In order to realize these principles, ASCHA hopes to work with Alberta’s government to build the first-ever, provincial housing strategy, incorporating an overall approach to housing that is aligned with all other strategies, including homelessness, affordable housing, and continuing and dementia care. ASCHA believes that such a comprehensive provincial housing strategy will enable communities to plan effectively and predictably for their future housing needs based on the principle of a housing first model. In addition, a person-centered focus will allow choices for residents to age well in community.

ASCHA members take a very active part in the organization’s committee structure and working groups in order to further its agenda. Various member-driven committees meet during the year.  These committees include a Capital Development Planning Working Group, the Education and Best Practice Working Group, the Sustainable Operational Models Working Group, and the Health Collaboration Working Group, and work to drive change and best practices within the industry. ASCHA’s annual Convention and Trade show is the largest gathering of seniors housing leaders in western Canada. This past spring, 300 housing provider representatives were in attendance, as were 100 product and service providers.

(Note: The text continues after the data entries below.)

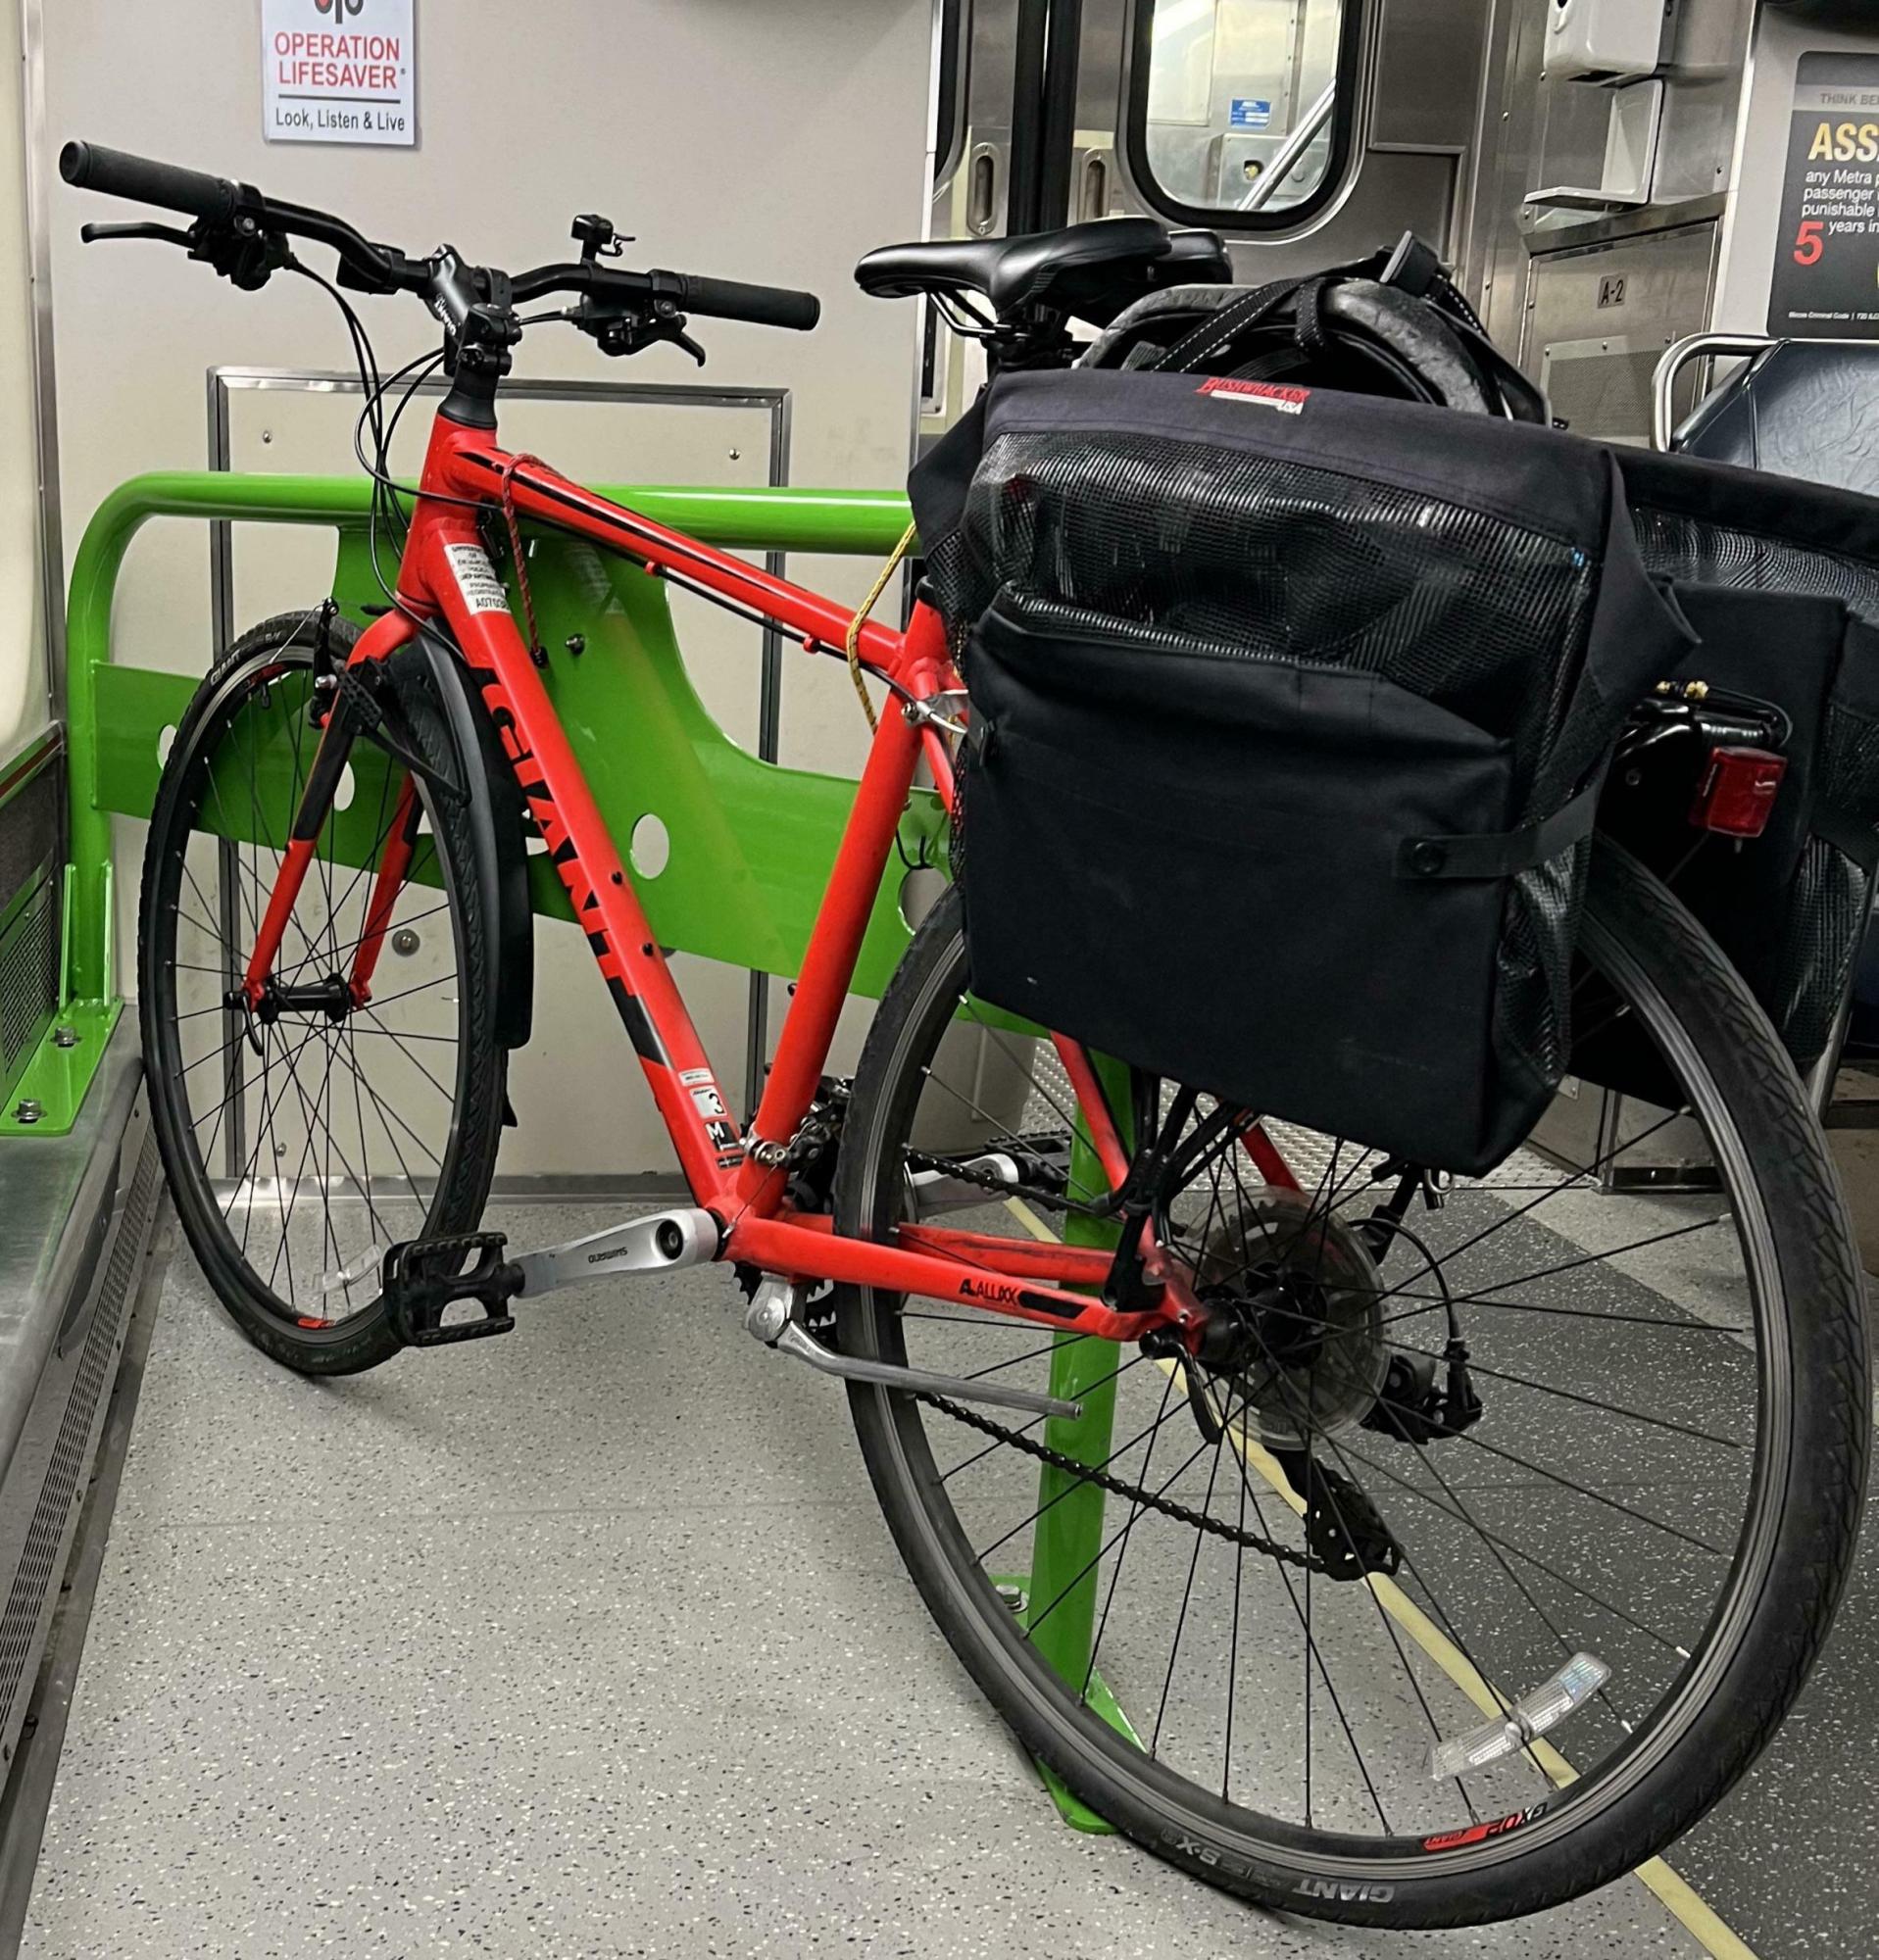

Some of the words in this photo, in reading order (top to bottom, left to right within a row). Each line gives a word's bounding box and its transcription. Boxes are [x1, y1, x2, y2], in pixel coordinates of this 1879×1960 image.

[274, 31, 400, 61] OPERATION
[275, 108, 314, 130] Look,
[318, 109, 359, 128] Listen
[363, 111, 372, 129] &
[377, 112, 405, 131] Live
[1807, 122, 1879, 163] ASS
[1805, 171, 1831, 186] any
[1833, 169, 1872, 184] Metra
[1803, 187, 1875, 204] passenger
[1802, 201, 1875, 218] punishable
[1793, 220, 1824, 266] 5
[1828, 220, 1866, 235] years
[1600, 279, 1624, 304] A-2
[481, 683, 644, 997] GIANT
[1291, 1878, 1396, 1903] GIANT

Soon, over 20 percent of Alberta’s population will be seniors, and Martin-Lindsay is looking ahead. “We need to look at how we serve the aging population differently,” she states. “We need to look at aging in community. I see an expanding role for housing providers, being a bit more of the hub, and bringing together those that provide other services in their communities, whether it’s meals on wheels, transportation, housekeeping, you name it. Because their future customers are those who are now living in their own homes – lonely, isolated and often struggling, and at tremendous risk. So I also see an expanded role of reaching out, not just from a health perspective, but from a wellness perspective. And that’s where we really need to be focusing our energies.”

In representing Alberta’s seniors and their housing providers for the past half century, ASCHA has also achieved what Martin-Lindsay claims to have been a major shift in the public’s perception of seniors housing: “We’ve really changed the stigma from ‘old folks homes’ to a place where people can come and really live well.”